#2258

Dimanche en banlieue verte. Littéralement, puisqu’il s’agit de Bègles, la ville dont Noël Mamère est le bon maire. Avec deux attraits dominicaux : un vide-grenier, tout d’abord, où j’ai trouvé deux jolies pièces d’enfantina, deux vieux albums qui avaient déjà pris une rincée le matin mais n’étaient pas fichus. Et puis, longtemps que je me disais qu’il fallait que je pousse mes pas vers l’un ou l’autre des nombreux lacs qui ponctuent le territoire béglais. Enfin, lacs, moi je dirai plutôt étangs, mais qu’importe. C’est donc dans la verdure que je me suis promené, aujourd’hui, dans une de ces balades en « coulée verte » comme j’en apprécie d’habitude plutôt à Londres. Bords de ruisseaux (que l’on nomme ici des « estey »), parcs semi en friche, voies cyclables dans l’herbe, lac privé pour cheminots, lac pas privé pompeusement désigné « plage urbaine »… Et photographier sur les bas-côtés l’ordinaire en tableaux serrés, des étendues de petites fleurs, de mauvaises herbes, et puis l’eau sous le ciel bas. Tout de même, il me faudrait un vélo. Ce serait franchement nécessaire, même, pour de plus amples promenades de ce genre.

#2257

Faut que j’vous dise. J’évoque fréquemment, et à fin d’aide-mémoire, mes lectures, mais il y en a dont je ne parle pas, ou guère : celles que j’effectue en tant qu’éditeur. Pourtant, bien sûr, je lis également beaucoup dans ce cadre-là. Mais c’est une autre forme de lecture, et j’hésite toujours à m’étaler sur mes coups de cœur et travaux éditoriaux. Ainsi n’ai-je pas exprimé ici le plaisir réjoui que j’ai eu en lisant le recueil où Jaworski revient enfin au Vieux Royaume, Le Sentiment du fer. Ou l’espèce de saisissement admiratif, comme un long souffle, éprouvé en lisant Chasse royale du même. Ou bien encore l’excitation de dévorer en une semaine Véridienne de Chloé Chevalier, un début de série fantasy « dynastique » que l’on sort fin août. Mais cette fois, j’ai bien envie de vous parler plus en détails d’un manuscrit qui m’a renversé: La Fenêtre de Diane de Dominique Douay. Un inédit qu’il vient juste de finir, dont j’avais lu un petit tiers donc je savais que ça allait être splendide, mais là… Oh, bonheur. Un grand roman, tout simplement (ça sort en septembre).

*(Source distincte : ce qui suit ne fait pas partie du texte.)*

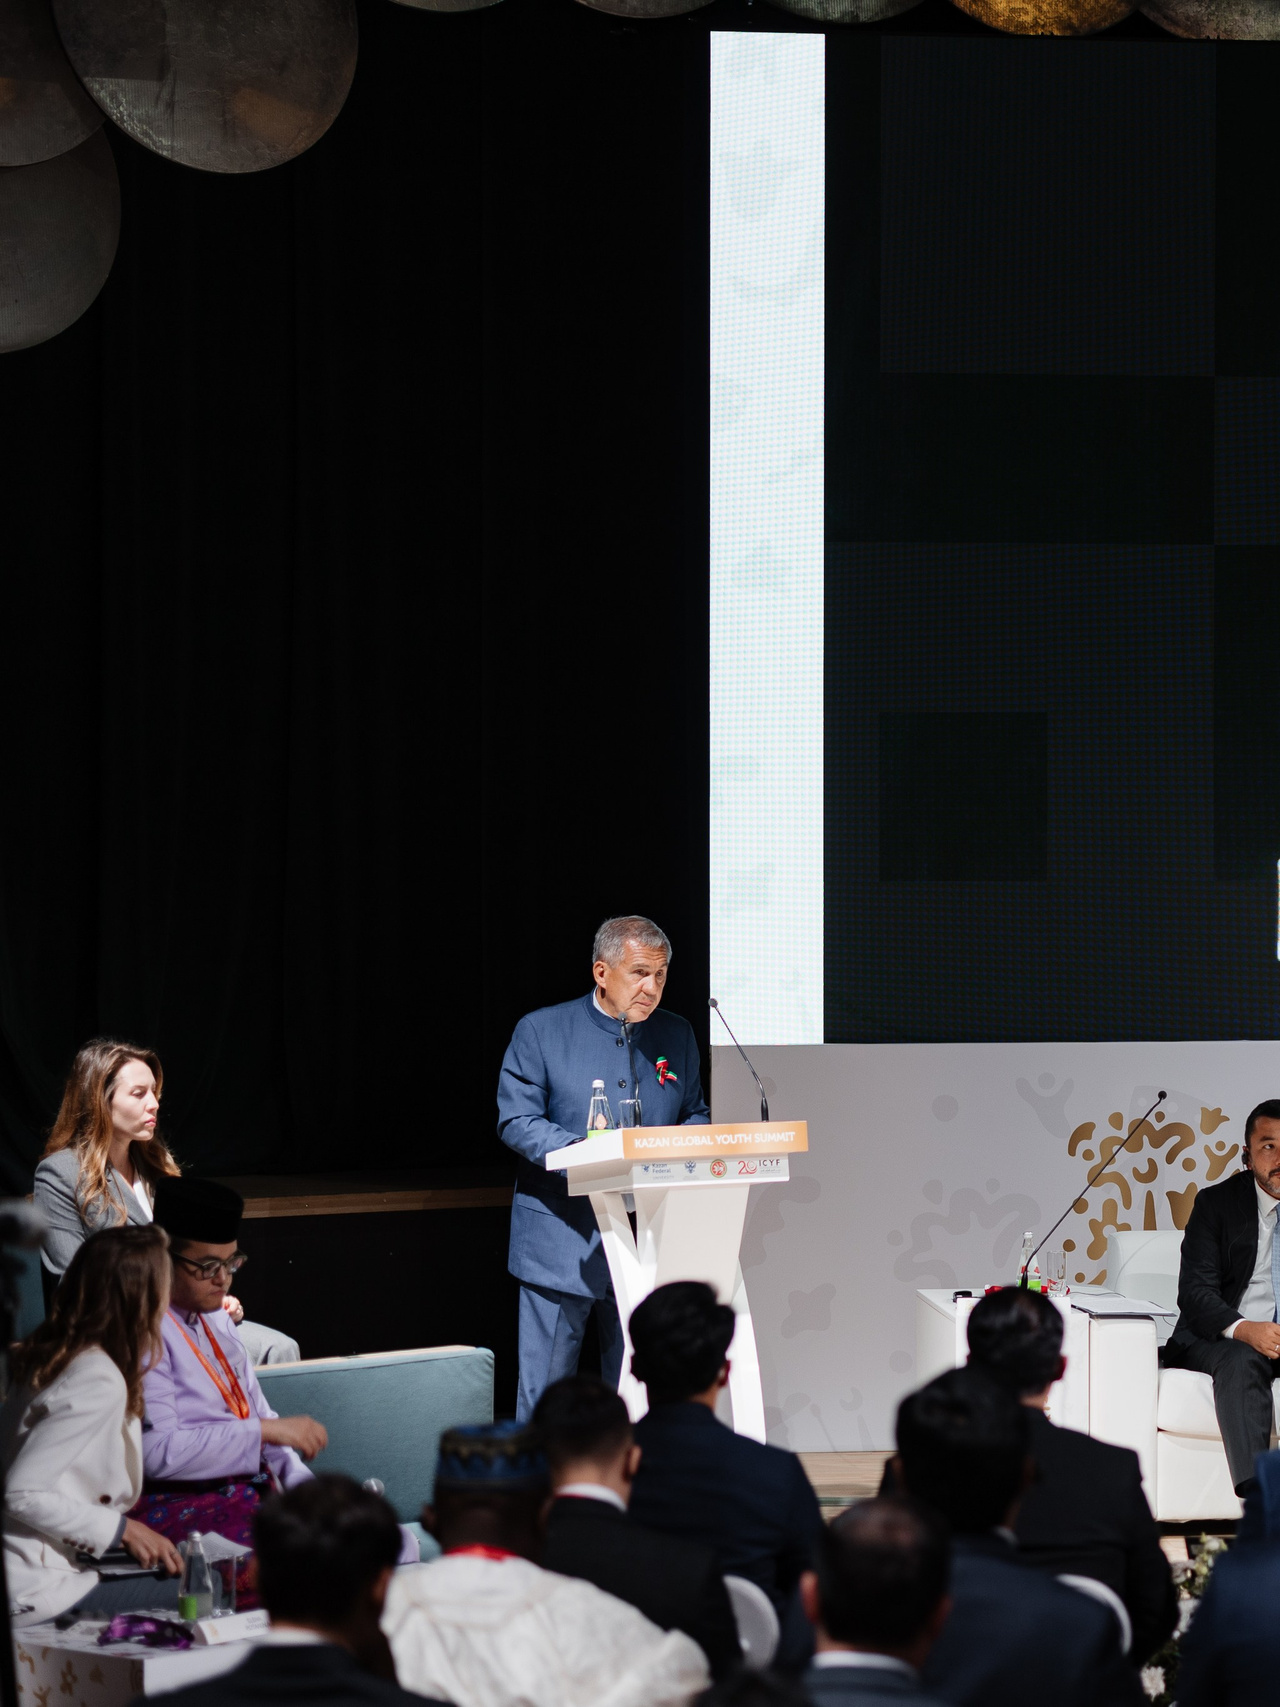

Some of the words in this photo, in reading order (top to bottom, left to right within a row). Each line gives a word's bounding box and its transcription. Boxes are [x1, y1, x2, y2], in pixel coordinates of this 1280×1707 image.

[634, 1137, 670, 1149] KAZAN
[672, 1135, 714, 1147] GLOBAL
[715, 1133, 752, 1145] YOUTH
[754, 1131, 796, 1143] SUMMIT
[759, 1159, 781, 1167] ICYF
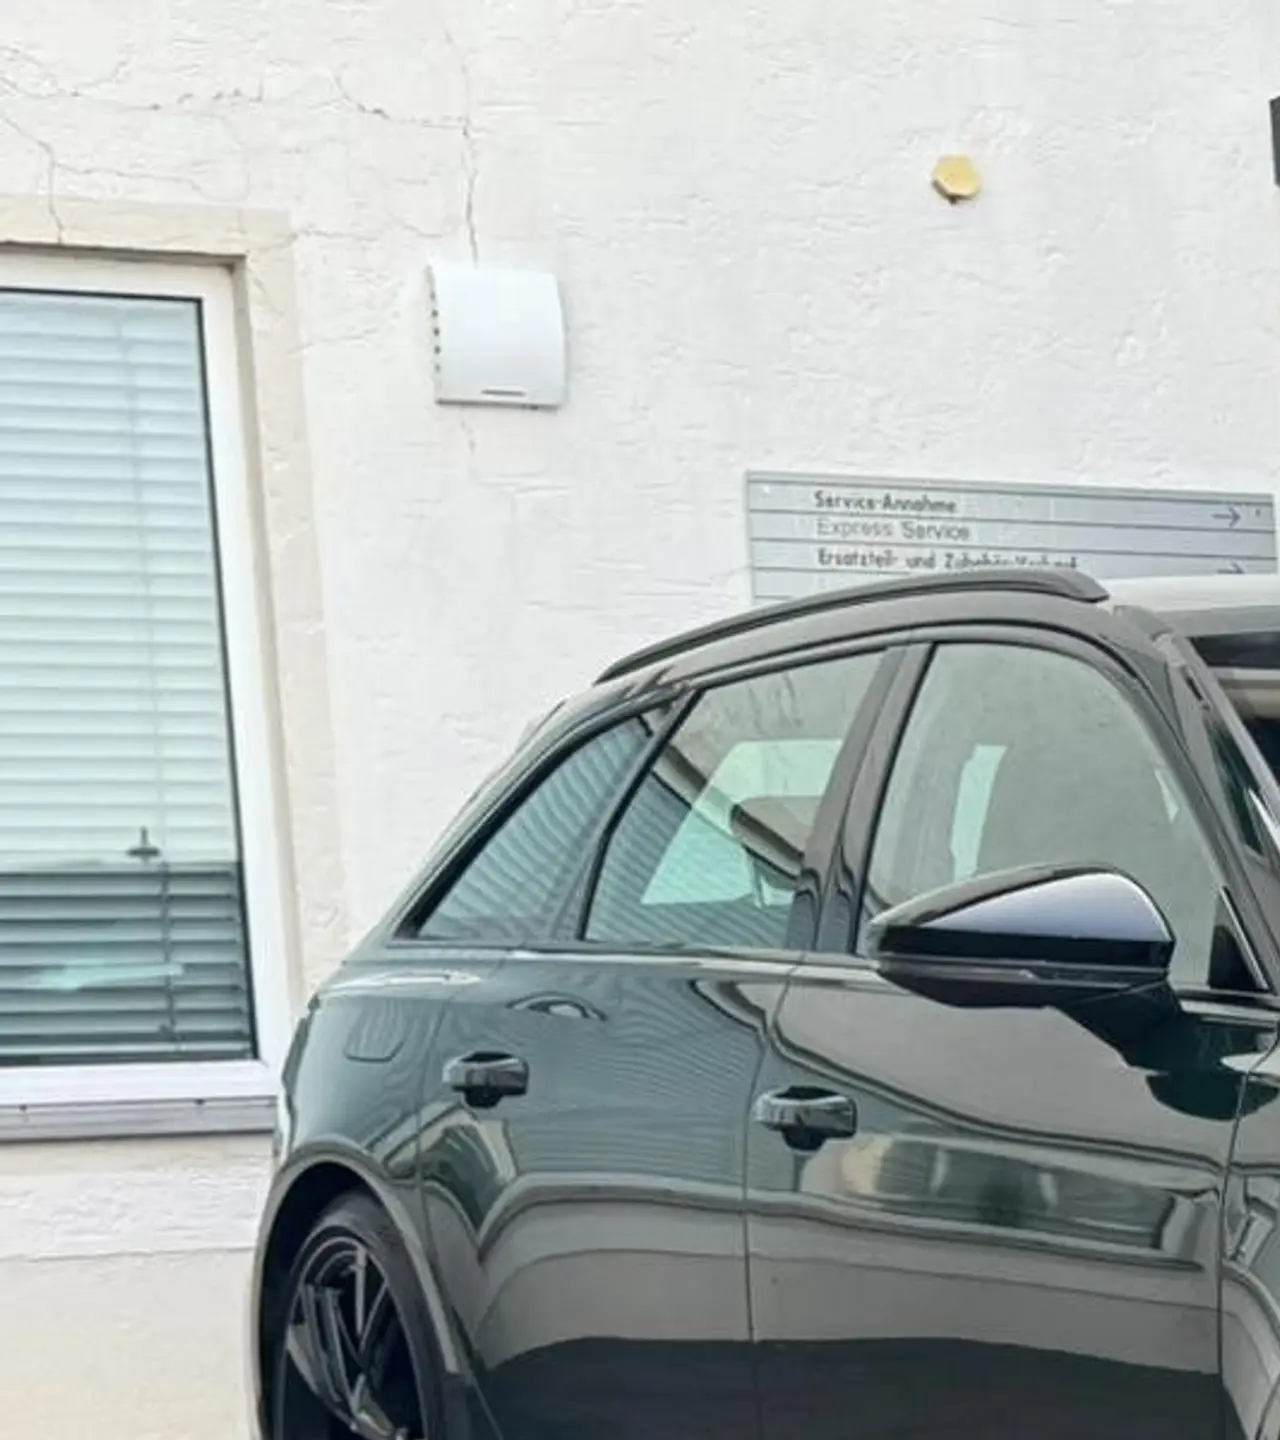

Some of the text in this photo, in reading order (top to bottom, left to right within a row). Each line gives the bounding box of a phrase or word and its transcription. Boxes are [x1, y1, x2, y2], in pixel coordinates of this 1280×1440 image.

Car je ne suis pas allé à Angers: la gabegie ferroviaire a eu raison de mon courage, trop c’est trop. Alors hier j’avais un peu le cœur lourd — et la tête plus encore, rapport à une grosse crise de rhume des foins, comme écrirait un gendarme. La faute sans doute aux marronniers du petit jardin Bertrand de Goth. Enfin bref, j’ai donc passé ma journée assis sur la terrasse, j’en ai même bronzé, luttant contre la migraine, les éternuements et les yeux brouillés, mais plongé dans, subjugué par, rivé à,  « La Fenêtre de Diane » que j’avais transféré dans la liseuse. Lire un roman entier, de bonne taille, en une seule journée, n’est pas expérience si fréquente. Et c’est du grand Douay, de la grande SF: visionnaire comme un Robert Charles Wilson (pour l’ampleur cosmologique), intime comme un Patrick Modiano (troubles des souvenirs et travail sur le témoignage), hanté par Philip K. Dick (et sa disparition), riche de tranches autobiographiques (un peu truquées, forcément)… Ah quel roman. Bon sang de bois, si celui-là n’est pas nominé à plusieurs prix c’est à n’y plus rien comprendre, moi j’vous dis.

Et puis sinon? Continué à tracer ma route dans les Maigret, lu aussi un Modiano, justement, L’Herbe des nuits, dans un même mouvement car il y a bien des points communs entre ces « romans gris », le mystère des gens, l’observation, la mémoire, l’enquête, un peu de tristesse, beaucoup de Paris…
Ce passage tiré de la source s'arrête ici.